Work request — Without the pictures, repeat the listing character for character.

Raw data —

..........

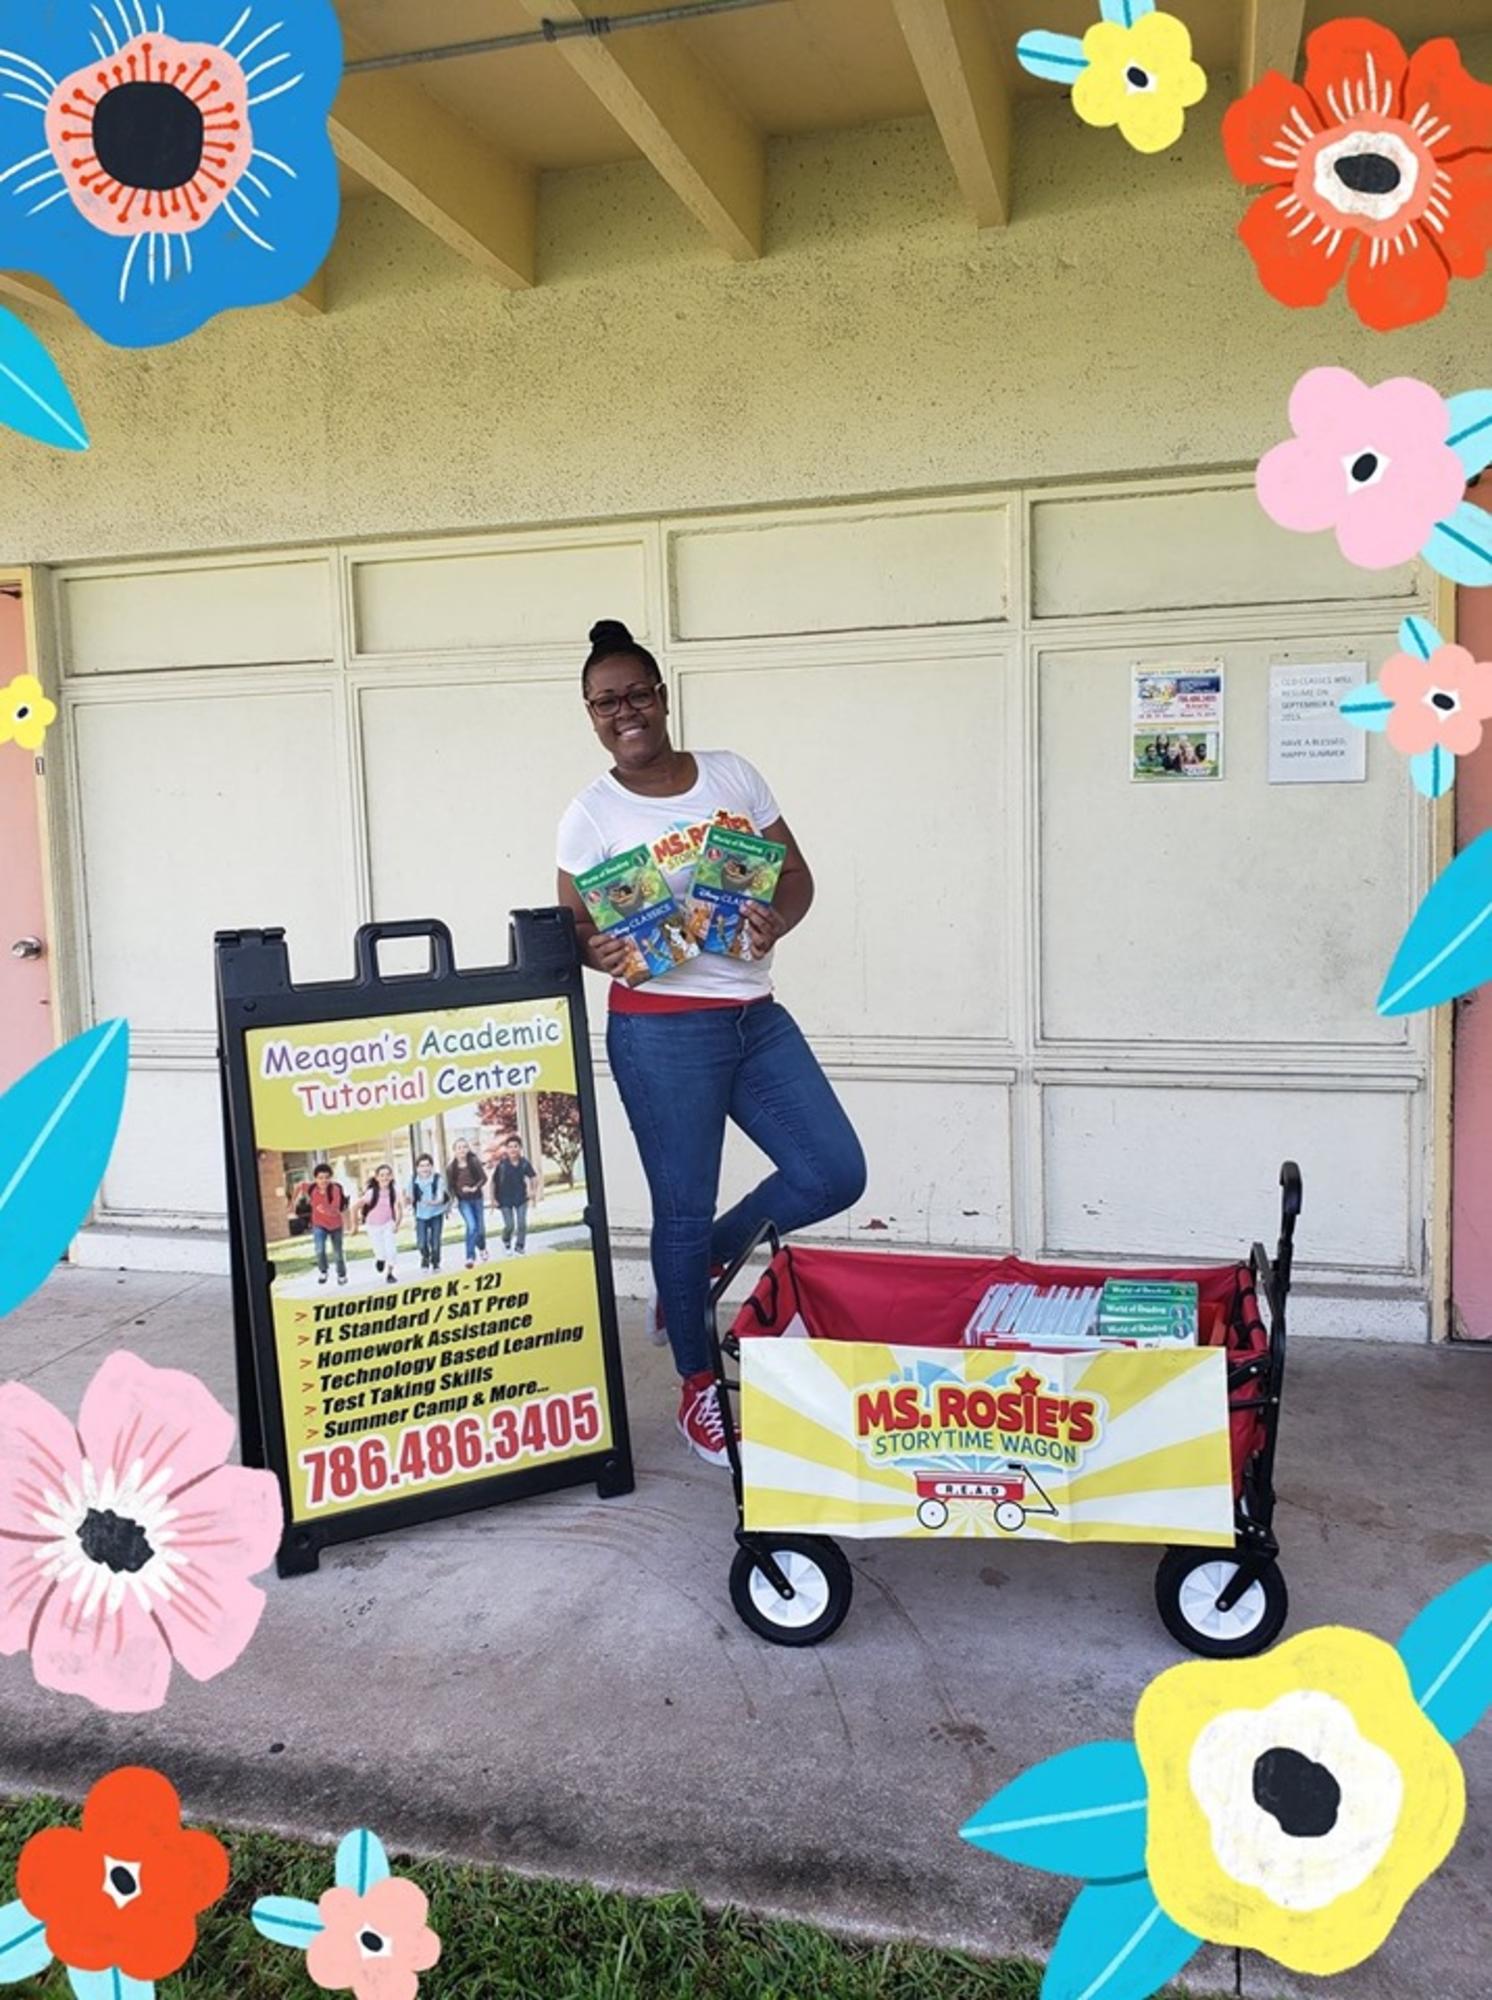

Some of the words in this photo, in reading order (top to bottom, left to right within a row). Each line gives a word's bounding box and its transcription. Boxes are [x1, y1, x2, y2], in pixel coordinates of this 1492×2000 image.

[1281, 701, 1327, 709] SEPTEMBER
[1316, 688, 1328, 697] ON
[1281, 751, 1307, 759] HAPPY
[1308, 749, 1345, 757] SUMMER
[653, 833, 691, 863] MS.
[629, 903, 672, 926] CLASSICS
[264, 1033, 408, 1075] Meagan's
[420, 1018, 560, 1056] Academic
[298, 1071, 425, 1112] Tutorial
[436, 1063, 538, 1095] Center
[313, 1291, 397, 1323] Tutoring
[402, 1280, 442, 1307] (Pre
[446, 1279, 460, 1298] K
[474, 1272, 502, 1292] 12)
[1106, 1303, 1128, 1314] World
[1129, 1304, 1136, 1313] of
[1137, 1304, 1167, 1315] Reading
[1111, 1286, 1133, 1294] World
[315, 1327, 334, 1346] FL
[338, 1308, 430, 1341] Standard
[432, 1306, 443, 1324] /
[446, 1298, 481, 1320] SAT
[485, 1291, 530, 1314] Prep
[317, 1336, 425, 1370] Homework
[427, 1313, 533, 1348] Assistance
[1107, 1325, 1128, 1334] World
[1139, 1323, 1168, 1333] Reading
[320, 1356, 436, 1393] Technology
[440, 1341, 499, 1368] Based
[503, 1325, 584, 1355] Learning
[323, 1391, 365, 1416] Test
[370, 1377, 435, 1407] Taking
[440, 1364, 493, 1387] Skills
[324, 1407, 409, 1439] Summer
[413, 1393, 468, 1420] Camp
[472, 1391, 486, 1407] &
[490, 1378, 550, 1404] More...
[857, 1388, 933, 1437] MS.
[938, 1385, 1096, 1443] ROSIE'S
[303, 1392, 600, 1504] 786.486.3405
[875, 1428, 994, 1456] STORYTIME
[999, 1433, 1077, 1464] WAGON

..........

Result of the task —
Some of the words in this photo, in reading order (top to bottom, left to right within a row). Each line gives a word's bounding box and its transcription. Boxes are [x1, y1, x2, y2], in pixel coordinates of this 1492×2000 image.

[1281, 701, 1327, 709] SEPTEMBER
[1316, 688, 1328, 697] ON
[1281, 751, 1307, 759] HAPPY
[1308, 749, 1345, 757] SUMMER
[653, 833, 691, 863] MS.
[629, 903, 672, 926] CLASSICS
[264, 1033, 408, 1075] Meagan's
[420, 1018, 560, 1056] Academic
[298, 1071, 425, 1112] Tutorial
[436, 1063, 538, 1095] Center
[313, 1291, 397, 1323] Tutoring
[402, 1280, 442, 1307] (Pre
[446, 1279, 460, 1298] K
[474, 1272, 502, 1292] 12)
[1106, 1303, 1128, 1314] World
[1129, 1304, 1136, 1313] of
[1137, 1304, 1167, 1315] Reading
[1111, 1286, 1133, 1294] World
[315, 1327, 334, 1346] FL
[338, 1308, 430, 1341] Standard
[432, 1306, 443, 1324] /
[446, 1298, 481, 1320] SAT
[485, 1291, 530, 1314] Prep
[317, 1336, 425, 1370] Homework
[427, 1313, 533, 1348] Assistance
[1107, 1325, 1128, 1334] World
[1139, 1323, 1168, 1333] Reading
[320, 1356, 436, 1393] Technology
[440, 1341, 499, 1368] Based
[503, 1325, 584, 1355] Learning
[323, 1391, 365, 1416] Test
[370, 1377, 435, 1407] Taking
[440, 1364, 493, 1387] Skills
[324, 1407, 409, 1439] Summer
[413, 1393, 468, 1420] Camp
[472, 1391, 486, 1407] &
[490, 1378, 550, 1404] More...
[857, 1388, 933, 1437] MS.
[938, 1385, 1096, 1443] ROSIE'S
[303, 1392, 600, 1504] 786.486.3405
[875, 1428, 994, 1456] STORYTIME
[999, 1433, 1077, 1464] WAGON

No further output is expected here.